O silêncio tenso impregnado no ar faz com que da cozinha consiga ouvir as noticias perturbadoras do jornal sensacionalista que meu pai vê com toda concentração.

De soslaio observo minha mãe com o rosto franzido em uma expressão enigmática, calada segue passando as roupas, a tarefa feita de maneira lenta e metódica parece mais uma fuga do que realmente uma necessidade.

De repente a porta se abre dando passagem para Jessica, o sorriso morre em seu rosto assim que pisa dentro do cômodo, minha irmã passa pela sala na penumbra com passos leves, parecendo querer esconder sua maleta de esmaltes e outros itens que usa no trabalho.

Tão súbito quanto entrou logo a garota some para o quarto, seguindo seu exemplo término  de limpar a pia e corro para minha cama sufocada com a quietitude ensurdecedora.

Se ele não estivesse em aqui, o rádio estaria ligado e minha mãe balançaria no ritmo da música enquanto cuida da casa, Jéssica certamente entraria falante reclamando de alguma coisa que houve no salão.

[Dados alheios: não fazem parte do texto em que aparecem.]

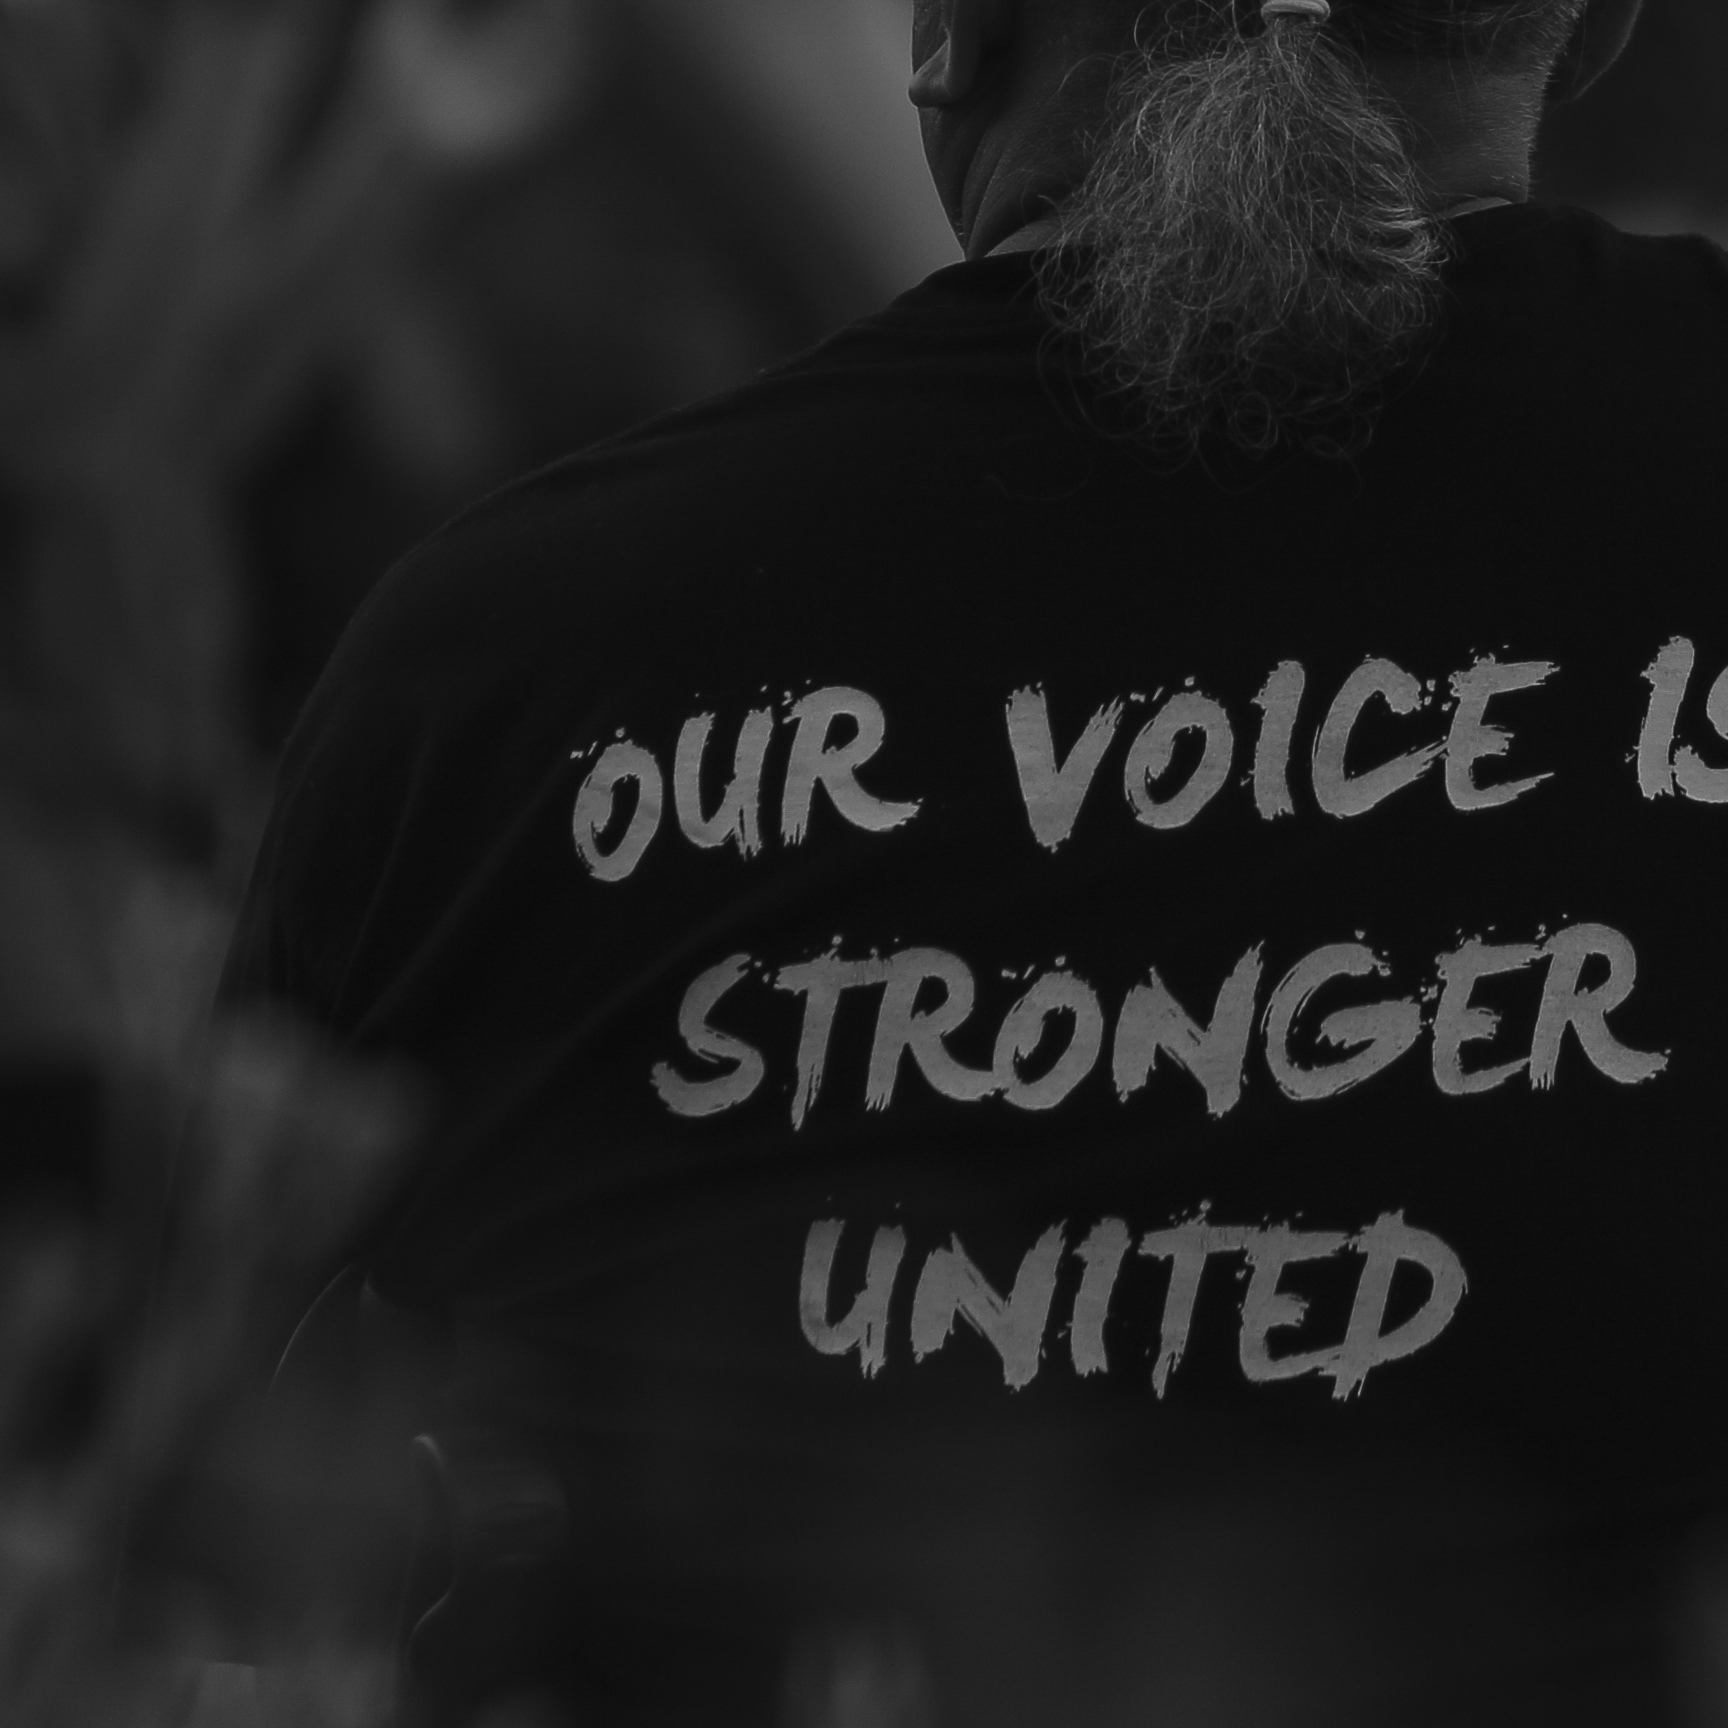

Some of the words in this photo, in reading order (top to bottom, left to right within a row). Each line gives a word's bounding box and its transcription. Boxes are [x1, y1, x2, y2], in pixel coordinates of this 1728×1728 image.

[571, 684, 922, 882] OUR
[1004, 651, 1560, 854] VOICE
[652, 922, 1670, 1132] STRONGER
[798, 1208, 1470, 1402] UNITED
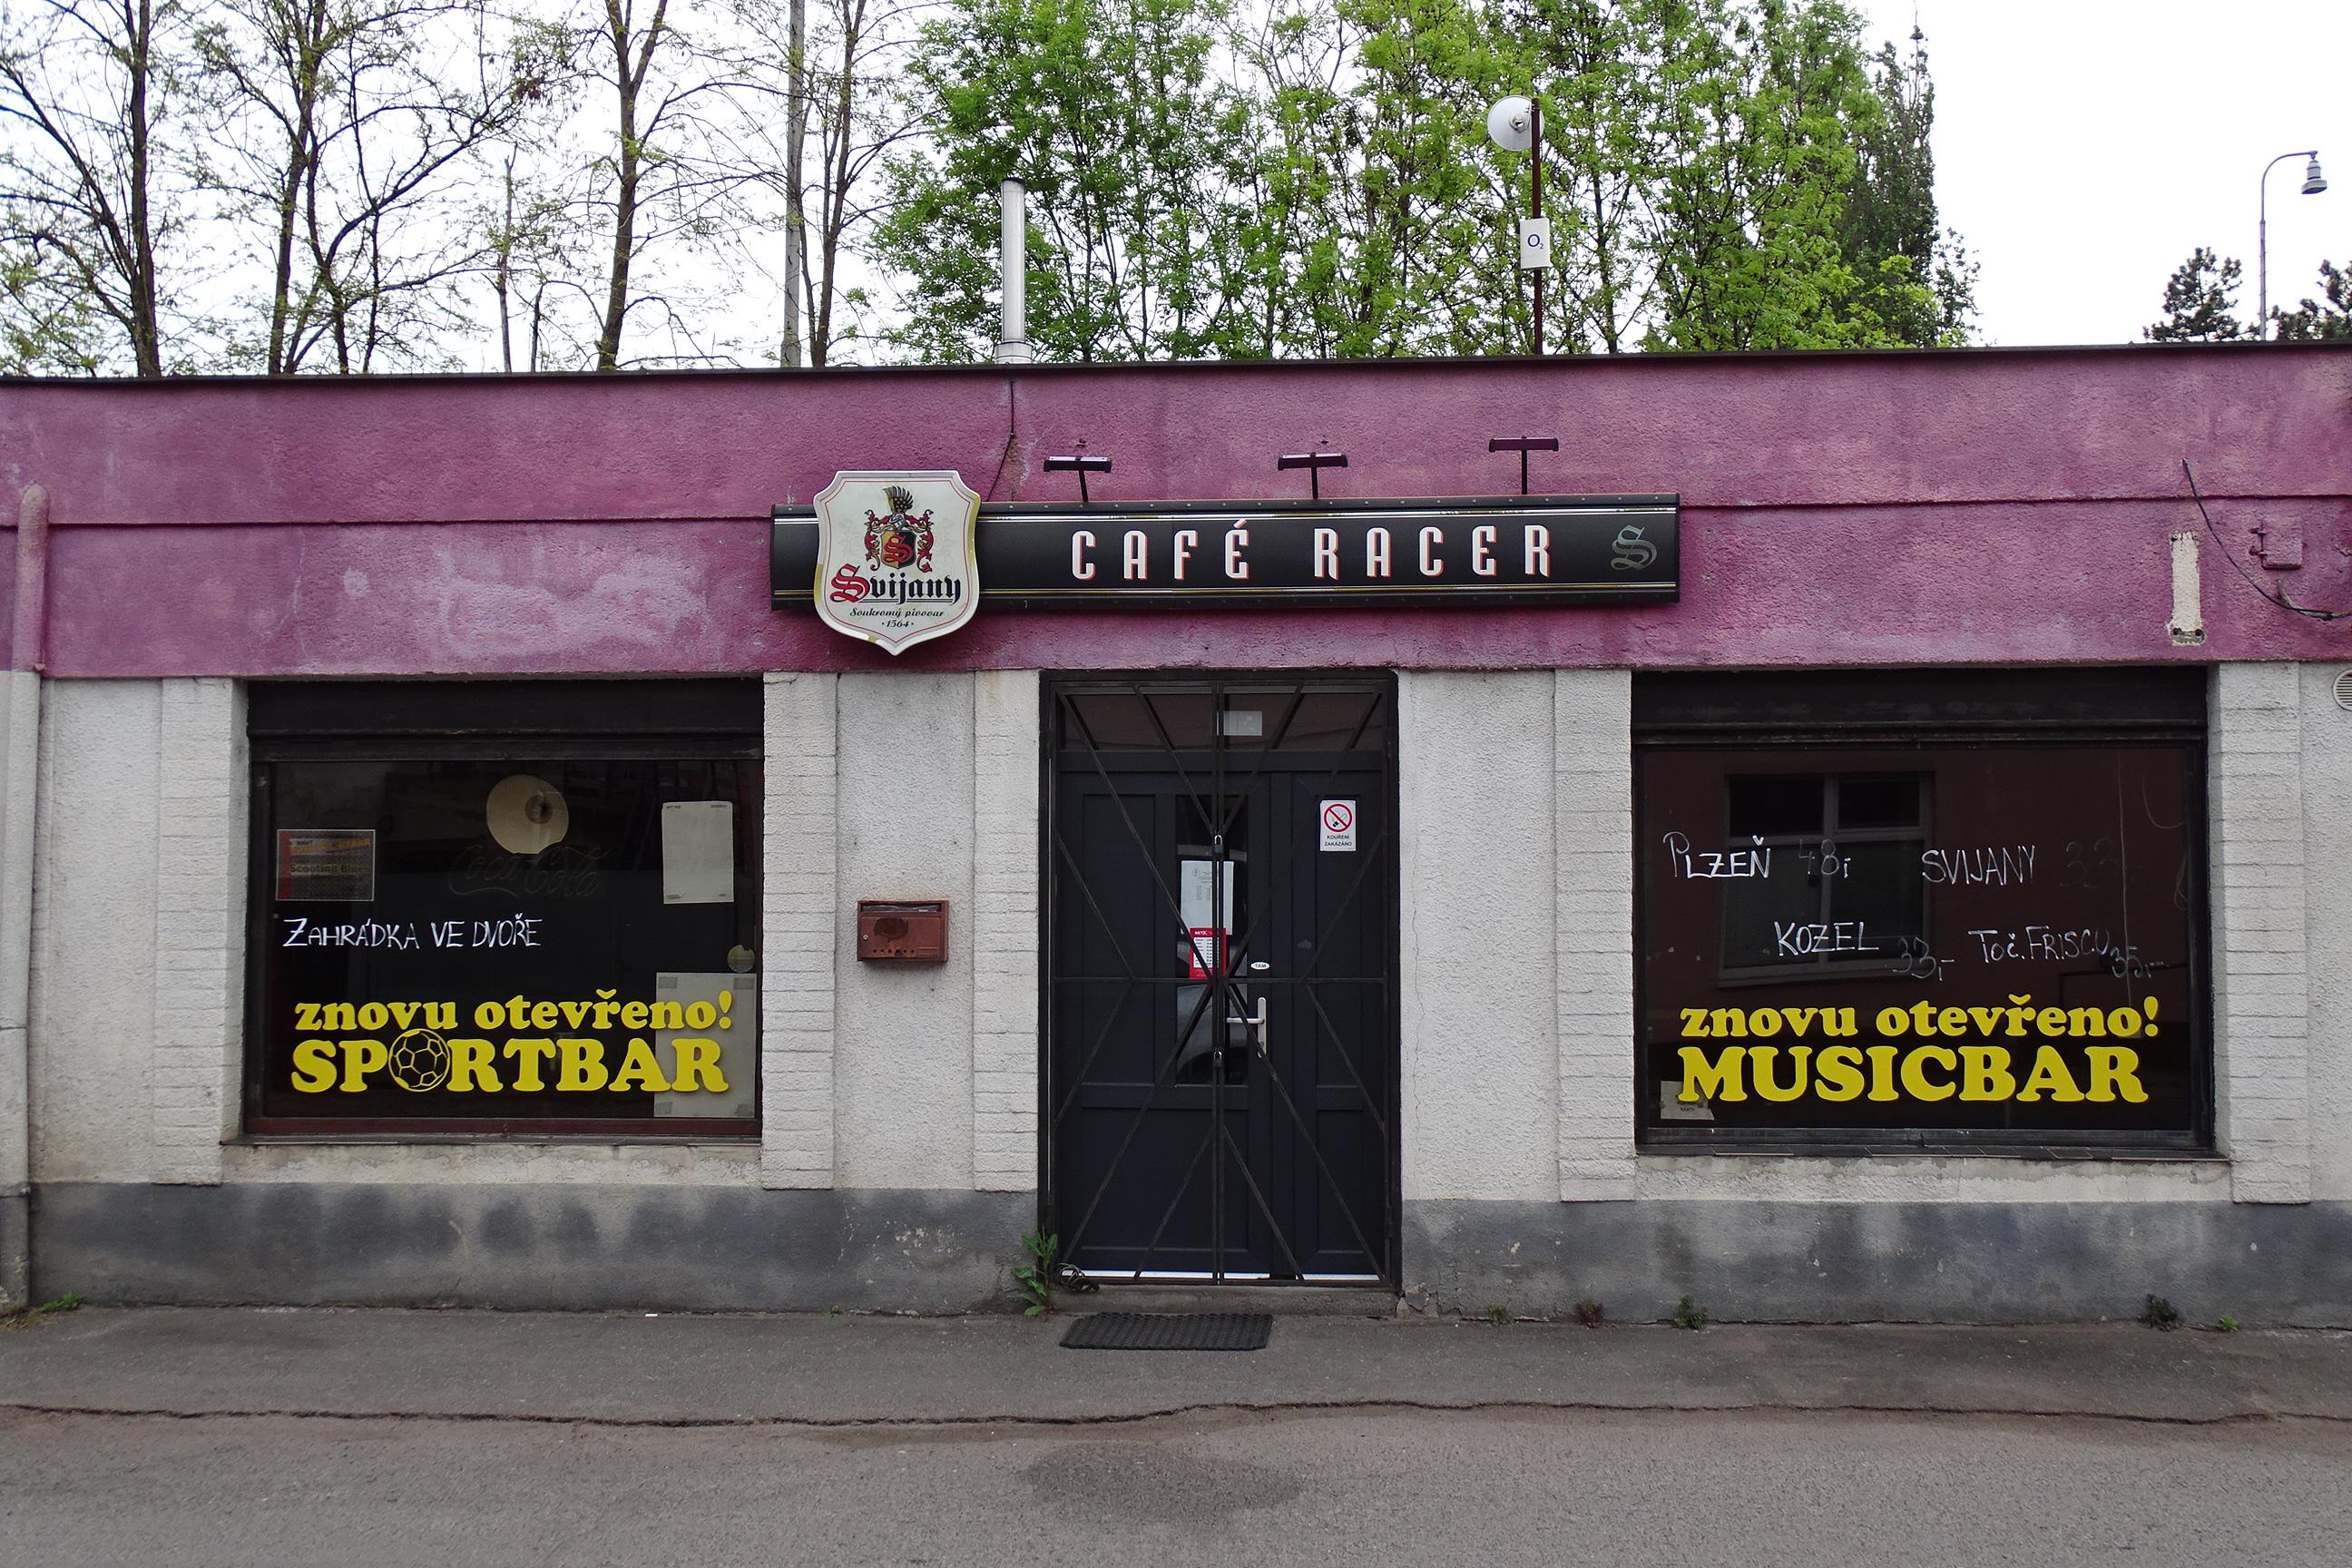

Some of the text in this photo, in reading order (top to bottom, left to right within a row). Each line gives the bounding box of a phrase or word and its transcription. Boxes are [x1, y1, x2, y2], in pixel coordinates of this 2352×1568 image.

[1072, 518, 1551, 581] CAFÉ RACER
[829, 563, 961, 605] Svijany
[849, 607, 944, 618] Soukromý pivovar
[1662, 831, 1770, 878] PLZEŇ
[1922, 845, 2035, 886] SVIJANY
[283, 914, 543, 951] ZAHRÁDKA VE DVOŘE
[1774, 920, 1879, 956] KOZEL
[294, 988, 732, 1031] znovu otevřeno!
[1681, 994, 2159, 1037] znovu otevřeno!
[1678, 1045, 2150, 1103] MUSICBAR

O silêncio não é paz, e sim o mau presságio que antecipa o caos, cada atitude nossa é calculada para não incitar uma guerra, vivemos num campo minado.

Encolhida sob o cobertor abraço Fred desejando não ter que viver mais com medo, o gesto de envolver meu cachorrinho de pelúcia me faz lembrar de Felipe, a imagem do seu olhar ferido e vermelho de lágrimas não sai da minha mente.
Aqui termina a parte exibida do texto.